= Jack White (reporter) =

American journalist

Jack White (1942 - October 12, 2005) was an American journalist. He won the 1974 Pulitzer Prize in National Reporting for his coverage of President Richard Nixon's underpayment of income taxes. White's investigative article prompted Nixon to utter his famous line, "I am not a crook" to White's colleague Joseph Ungaro at a newspaper editors' conference in Florida. White also won Emmy Awards for his reporting on fugitive banker Joe Mollicone and Providence tax officials who violated the city's residency requirement. On his death, the Cape Cod Times called him "the dean of Rhode Island journalism."

==Newspaper career==
White began his career at the Newport Daily News in 1969, and joined the Providence Journal-Evening Bulletin a year later. At the Journal, he was Newport Bureau chief and head of the newspaper's first permanent investigative team.

===Nixon scandal===
As manager of the Providence Journal-Bulletin's bureau in Newport, Rhode Island, in the early 1970s, White cultivated trusted sources among Newport's elite. One source passed on to White evidence that President Richard Nixon had paid taxes amounting to $792.81 in 1970 and $878.03 in 1971, despite earning more than $400,000. White revealed that Nixon had illegally back-dated the donation of his papers to the National Archives, in order to avoid a new law which made such donations ineligible for tax deductions.

White's Pulitzer-winning scoop almost didn't happen. The night he was prepared to write the story, in September 1973, the union representing reporters at the newspaper voted to go on strike. White would later recall rolling the story out of his typewriter, folding it up and putting it in his wallet. He said he never thought about giving the story to management, even though he risked missing the story. "I was dreading the information I had was going to get out there. Every day I was checking out-of-town newspapers," he later told The Providence Journal. Twelve days later, the strike ended, and the story ran on October 3, 1973.

At an Associated Press Managing Editors convention the following month, White's colleague Joseph Ungaro asked Nixon about the story. Nixon's answer became associated with the President for the rest of his life: "People have got to know whether or not their president is a crook. Well, I am not a crook." Nixon agreed to pay back taxes, which, with interest, amounted to $476,451. He ultimately only paid $465,000, the sum from the second IRS audit.

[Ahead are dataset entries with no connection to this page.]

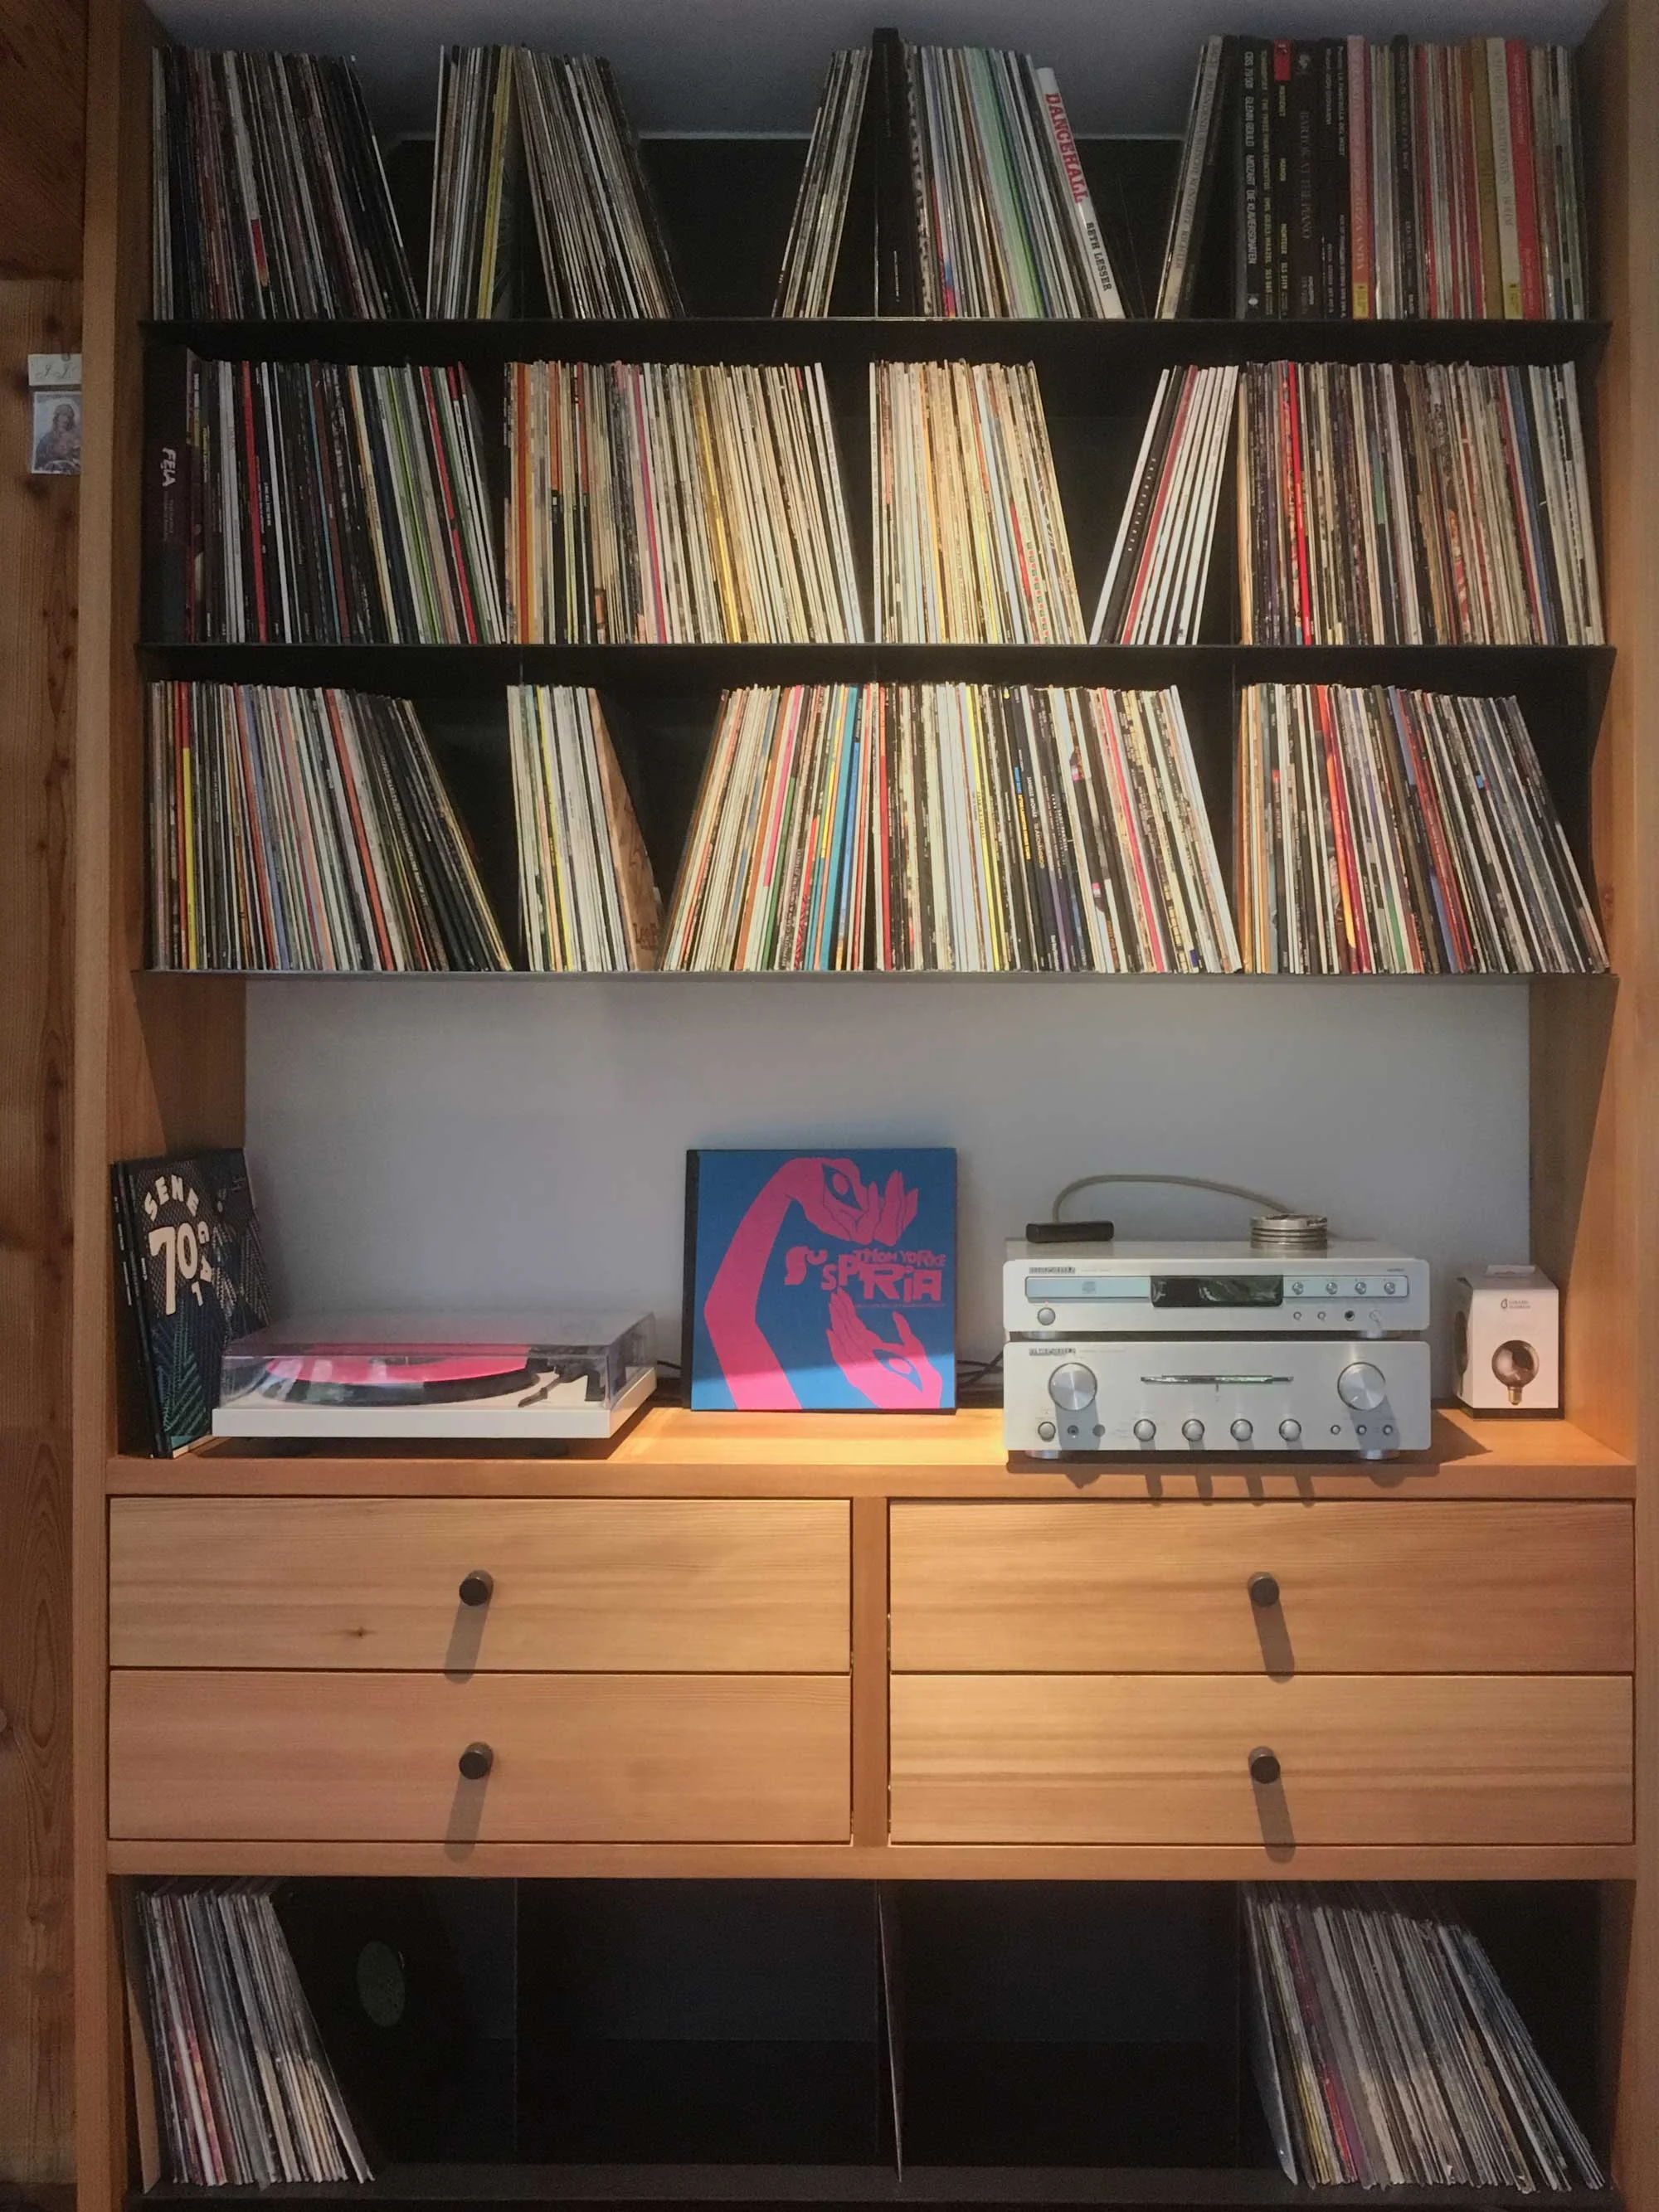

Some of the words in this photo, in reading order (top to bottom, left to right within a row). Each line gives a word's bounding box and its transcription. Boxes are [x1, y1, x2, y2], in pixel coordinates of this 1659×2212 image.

[1044, 93, 1090, 205] DANCEHALL
[1245, 122, 1255, 147] GOULD
[1086, 221, 1100, 250] BETH
[1093, 250, 1112, 292] LESSER
[148, 1222, 199, 1316] 70

The story won White the 1974 Pulitzer Prize for National Reporting.

When White died in 2005, he still had not revealed his sources for the Nixon tax story. But the leak of Nixon's tax records were traced to a photocopy machine in the Internal Revenue Service's service center in Martinsburg, West Virginia. One unnamed agency employee quit to avoid being fired.

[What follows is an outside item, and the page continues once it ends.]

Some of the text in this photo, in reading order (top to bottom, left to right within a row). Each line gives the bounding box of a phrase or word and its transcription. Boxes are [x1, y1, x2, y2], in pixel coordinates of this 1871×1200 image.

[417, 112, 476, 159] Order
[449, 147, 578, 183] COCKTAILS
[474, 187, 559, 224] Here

==Transition to television==
White made the transition to television in 1979, when he joined the investigative team at WBZ-TV in Boston. He worked as a reporter and columnist for the Cape Cod Times from 1981 to 1984 before joining WPRI-TV in Rhode Island as chief investigative reporter in 1985.

RINPR called him "the dean of investigative reporters in Rhode Island", citing a 2001 example when former Providence mayor Buddy Cianci said he learned about his own indictment when Jack White reported on it.

==Personal life==
White was married and had four children. He died in 2005 at Cape Cod Hospital in Barnstable, Massachusetts at the age of 63.

White's son, Tim White, succeeded him as the chief investigative reporter at WPRI-TV in 2006.